## The problem
Repeat, exactly as they appear, the lines from the one with "Some of the text" through the last line of the entries below, but none of the pictures.

Text-to-region grounding data:
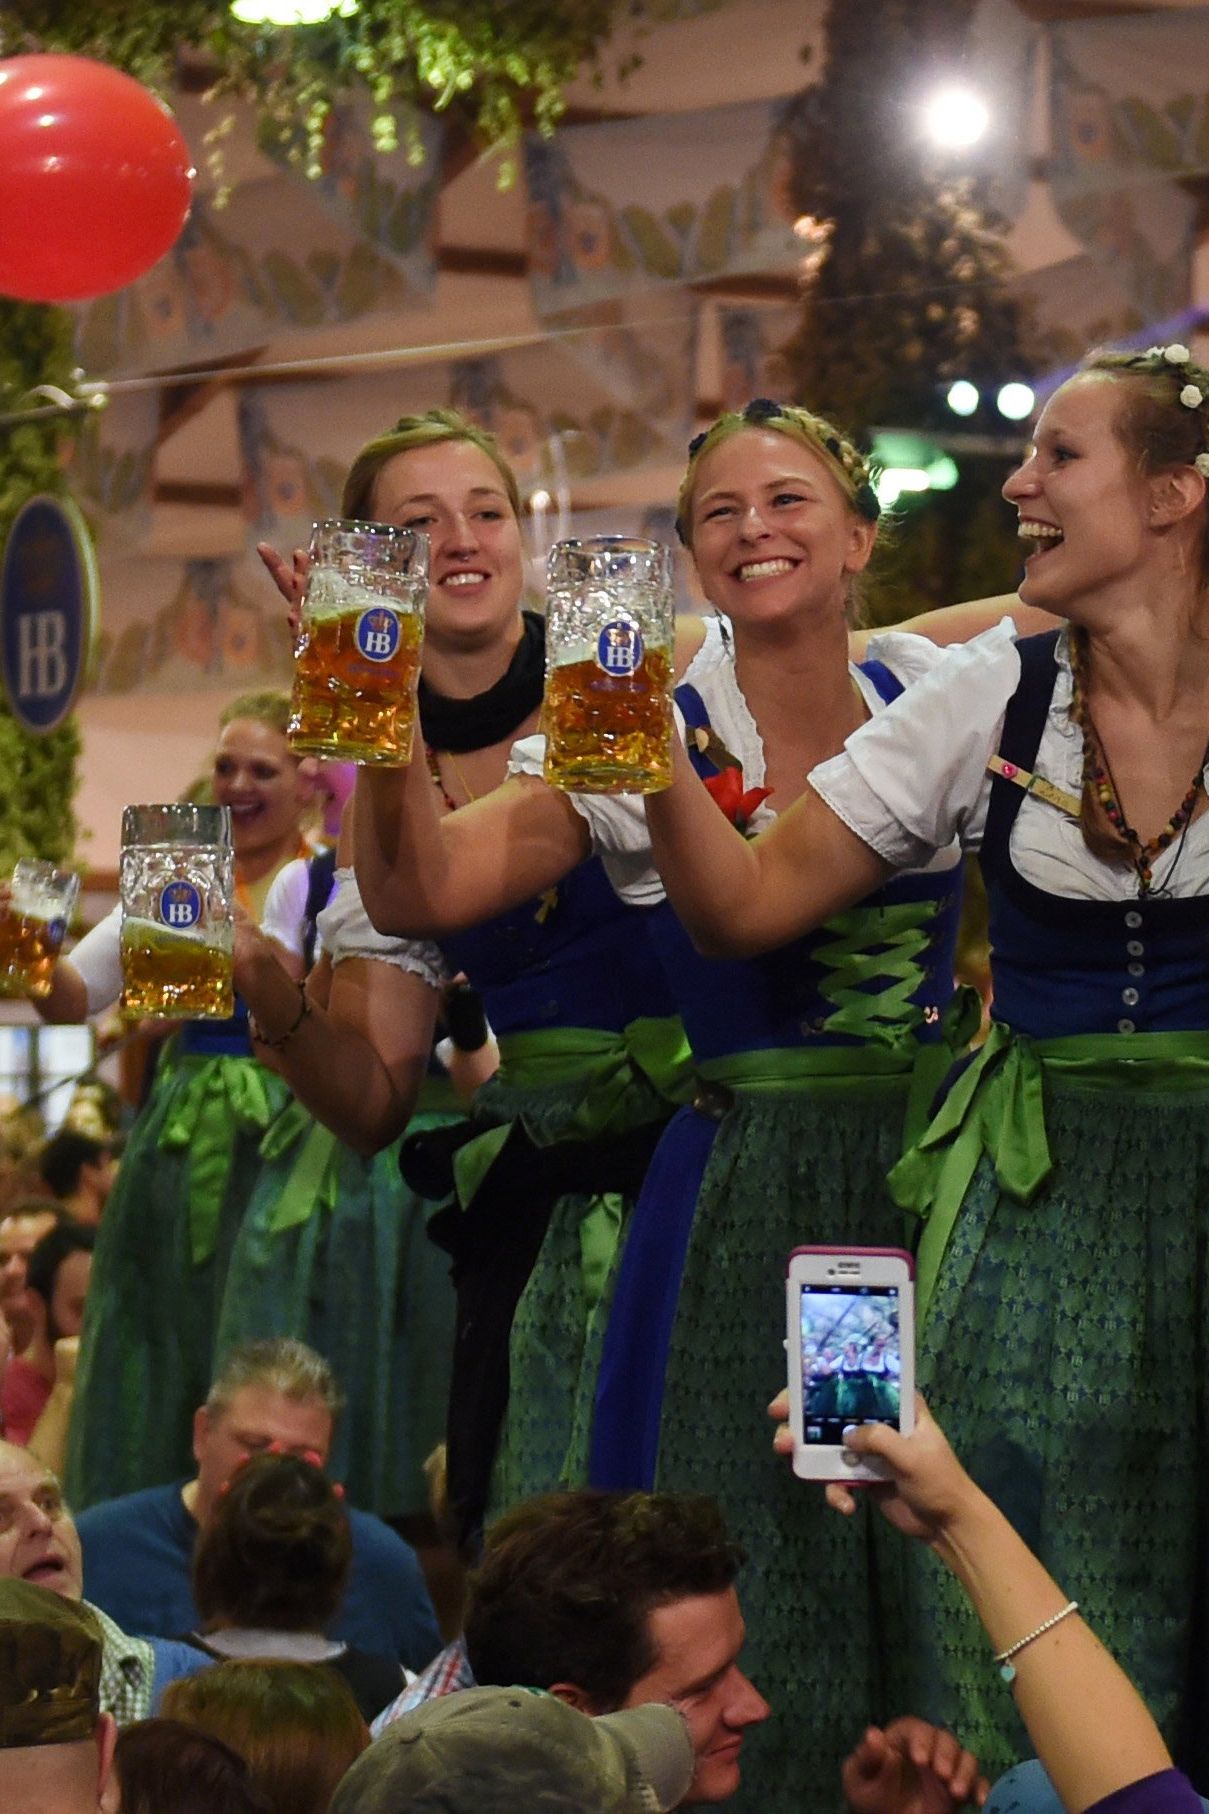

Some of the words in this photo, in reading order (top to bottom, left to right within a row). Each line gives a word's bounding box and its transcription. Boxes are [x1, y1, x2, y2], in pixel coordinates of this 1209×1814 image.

[365, 631, 391, 654] HB
[18, 611, 67, 697] HB
[606, 646, 634, 668] HB
[169, 903, 193, 923] HB
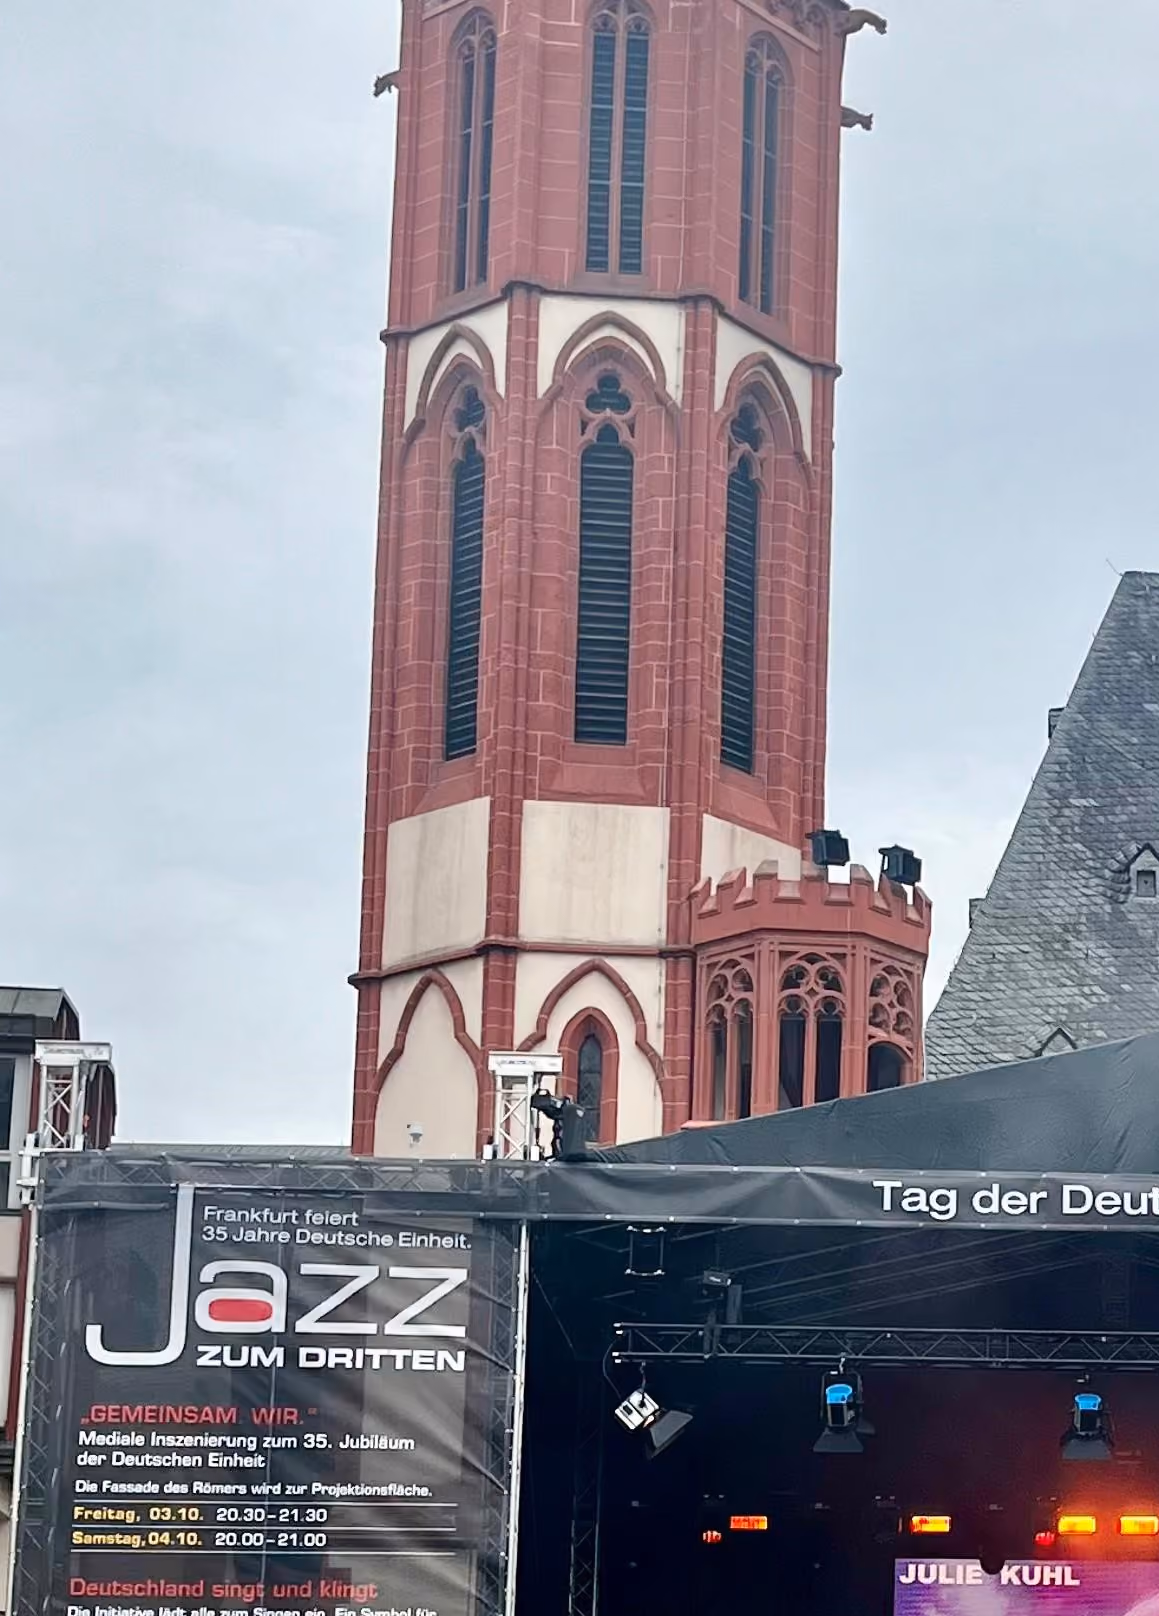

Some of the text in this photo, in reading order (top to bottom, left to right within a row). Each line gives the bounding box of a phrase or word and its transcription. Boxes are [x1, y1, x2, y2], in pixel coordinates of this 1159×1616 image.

[872, 1179, 957, 1220] Tag
[971, 1183, 1047, 1215] der
[203, 1205, 359, 1227] Frankfurt feiert
[202, 1226, 472, 1250] 35 Jahre Deutsche Einheit.
[85, 1184, 469, 1367] Jazz
[196, 1345, 466, 1371] ZUM DRITTEN
[78, 1431, 415, 1450] Mediale Inszenierung zum 35. Jubiläum
[77, 1451, 266, 1468] der Deutschen Einheit
[75, 1480, 432, 1498] Die Fassade des Römers wird zur Projektionsfläche.
[73, 1506, 141, 1524] Freitag,
[149, 1508, 203, 1521] 03.10.
[899, 1563, 1081, 1586] JULIE KUHL
[70, 1578, 378, 1603] Deutschland singt und klingt
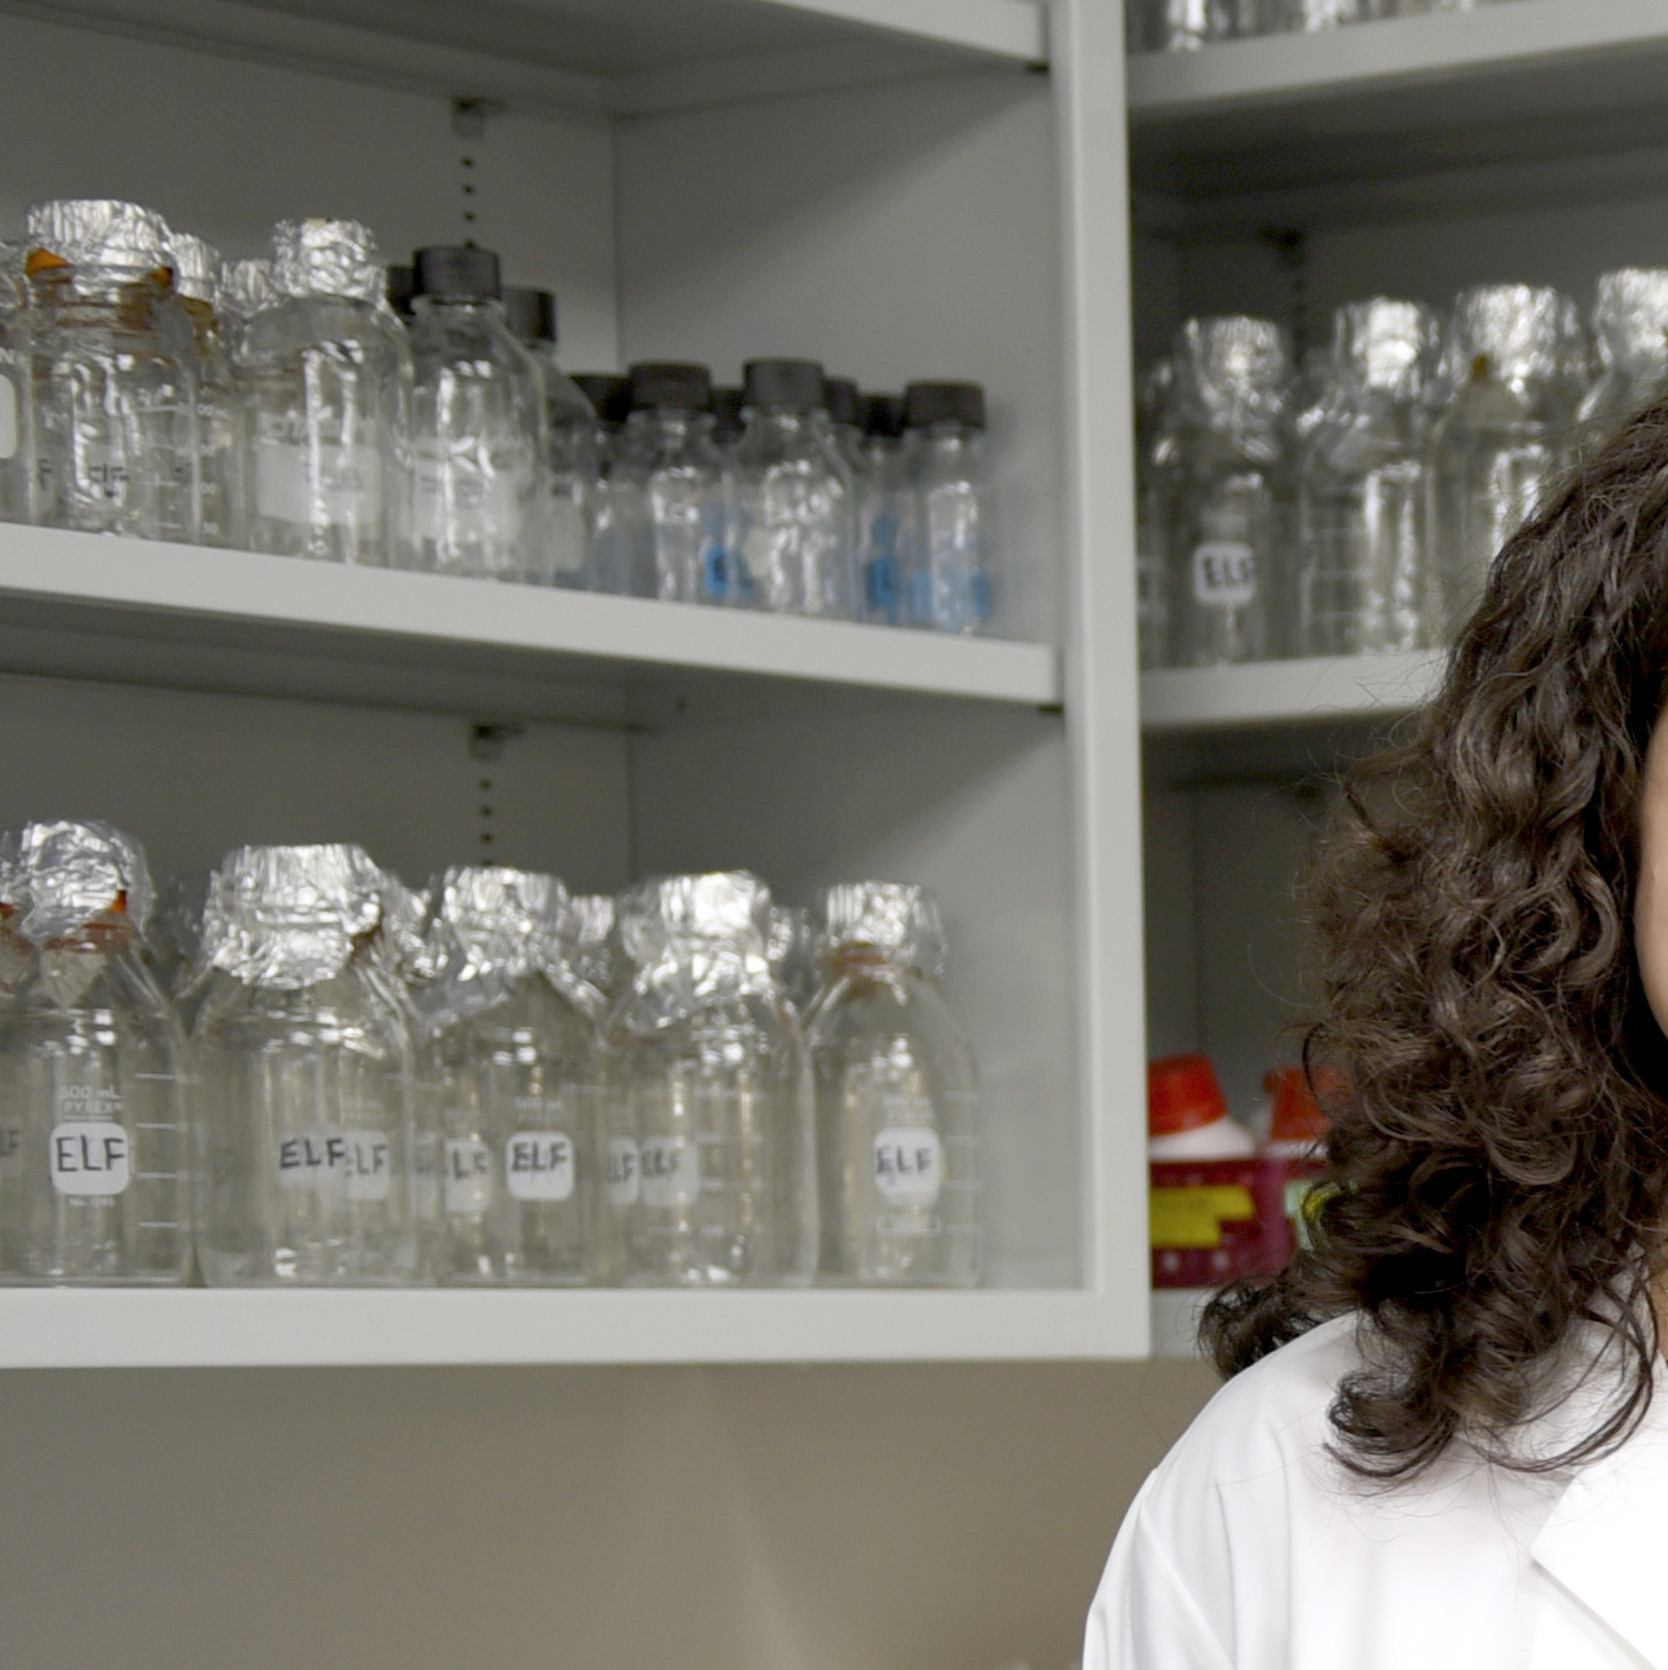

## Response box
Some of the text in this photo, in reading order (top to bottom, left to right within a row). Each line gives the bounding box of a phrase or word and its transcription. Boxes are [x1, y1, x2, y2], in pixel coordinates of this 1159×1616 image.

[872, 1179, 957, 1220] Tag
[971, 1183, 1047, 1215] der
[203, 1205, 359, 1227] Frankfurt feiert
[202, 1226, 472, 1250] 35 Jahre Deutsche Einheit.
[85, 1184, 469, 1367] Jazz
[196, 1345, 466, 1371] ZUM DRITTEN
[78, 1431, 415, 1450] Mediale Inszenierung zum 35. Jubiläum
[77, 1451, 266, 1468] der Deutschen Einheit
[75, 1480, 432, 1498] Die Fassade des Römers wird zur Projektionsfläche.
[73, 1506, 141, 1524] Freitag,
[149, 1508, 203, 1521] 03.10.
[899, 1563, 1081, 1586] JULIE KUHL
[70, 1578, 378, 1603] Deutschland singt und klingt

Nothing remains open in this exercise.